The river is the main outlet of Lake Garda. It is a part of the Sarca-Mincio river system which also includes the river Sarca and Lake Garda. The river starts from the south-eastern tip of the lake at the town of Peschiera del Garda and then flows for about 65 km past Mantua and into the river Po. From Lake Garda until it reaches Pozzolo, it forms the boundary between Veneto and Lombardy regions.

In the Etruscan period, the Mincio probably joined with the river Tartaro and flowed into the Adriatic Sea into the pit Filistina, in Roman Republic it was made to flow into the Po with three branches from Mantua by Quintus Curius Hostilius, subsequently reunited in a single embanked in 1198 on a project by Alberto Pitentino and regulated its course with several dams (Ponte dei Mulini, Mantua) and the Governolo) dam to make it navigable, to prevent Mantua from being flooded by the flooding of the Po and to improve air quality.

At Mantua, the Mincio was widened in the late 12th century, forming a series of three (originally four) lakes that skirt the edges of the old city.

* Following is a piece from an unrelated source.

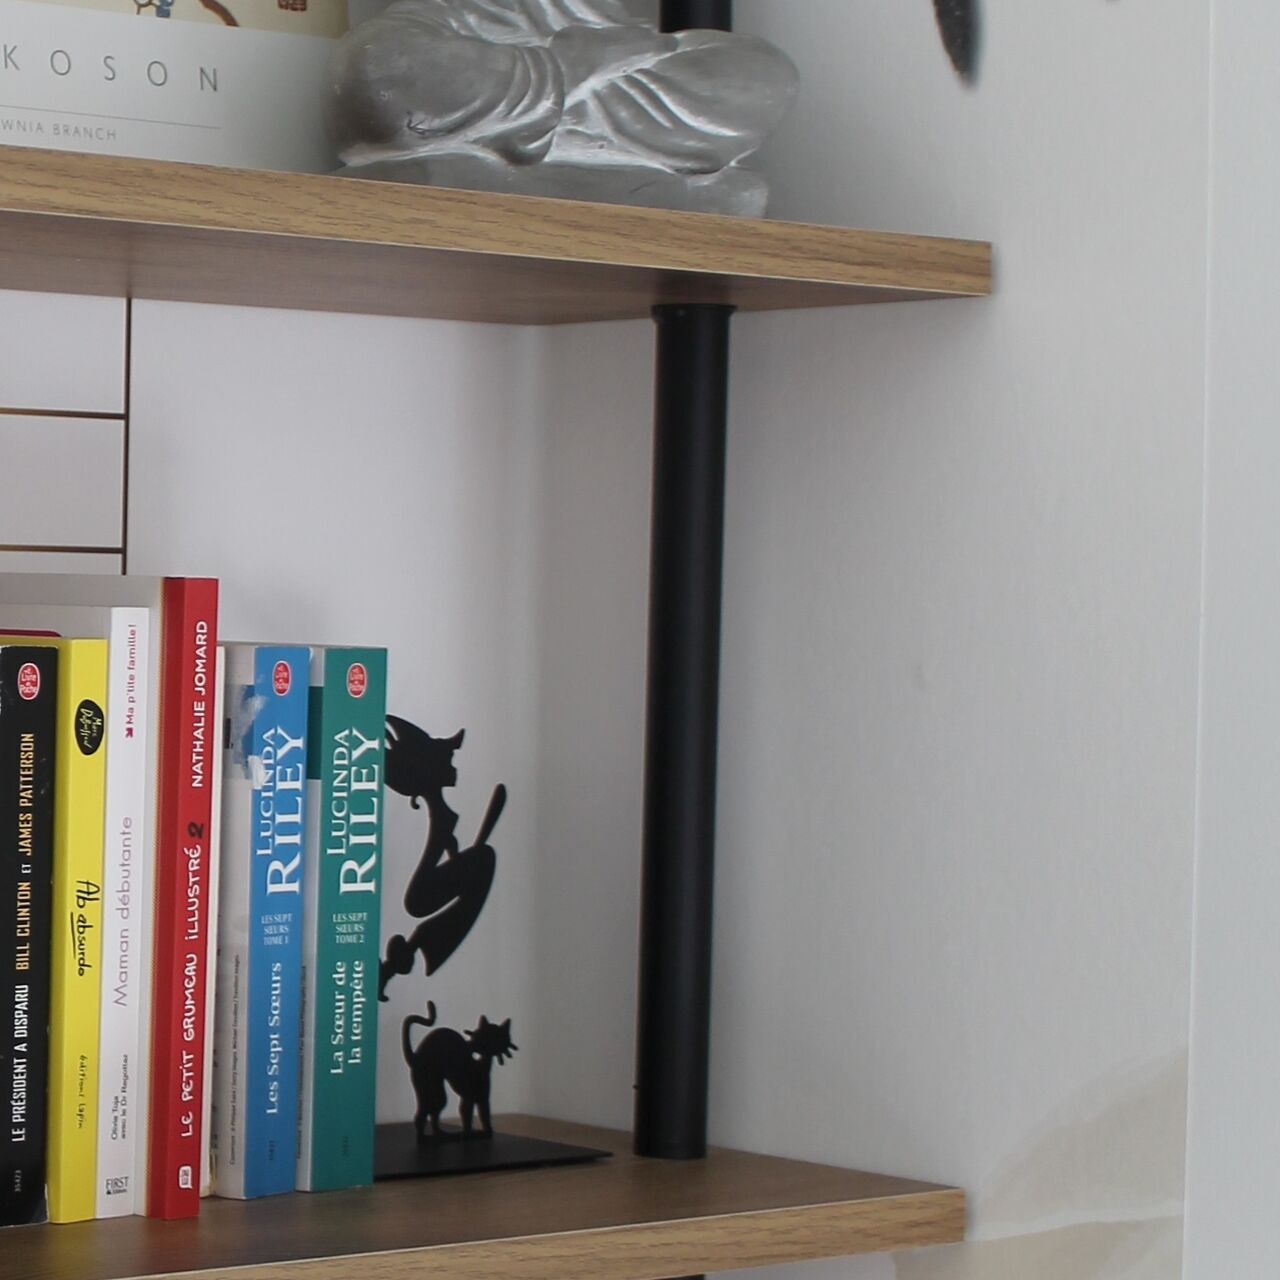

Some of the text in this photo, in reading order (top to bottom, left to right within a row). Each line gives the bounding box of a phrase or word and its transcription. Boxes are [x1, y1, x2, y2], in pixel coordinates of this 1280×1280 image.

The original settlement here, dating from about 2000 BC, was on an island in the Mincio.

The former lower part of the course of the Mincio flowed into the Adriatic Sea near Adria until the breach at Cucca in 589, roughly following the course of the river that is currently known by the name of Canal Bianco; it had been a waterway from the sea to the lake until then.

In 452 CE, Attila the Hun received an embassy sent by the Western Roman Emperor Valentinian III near this river. The Roman delegation was led by Pope Leo I. After this meeting, Attila withdrew from Italy.

The last act of Verdi's opera Rigoletto is set just outside Mantua, at an inn on the banks of the Mincio.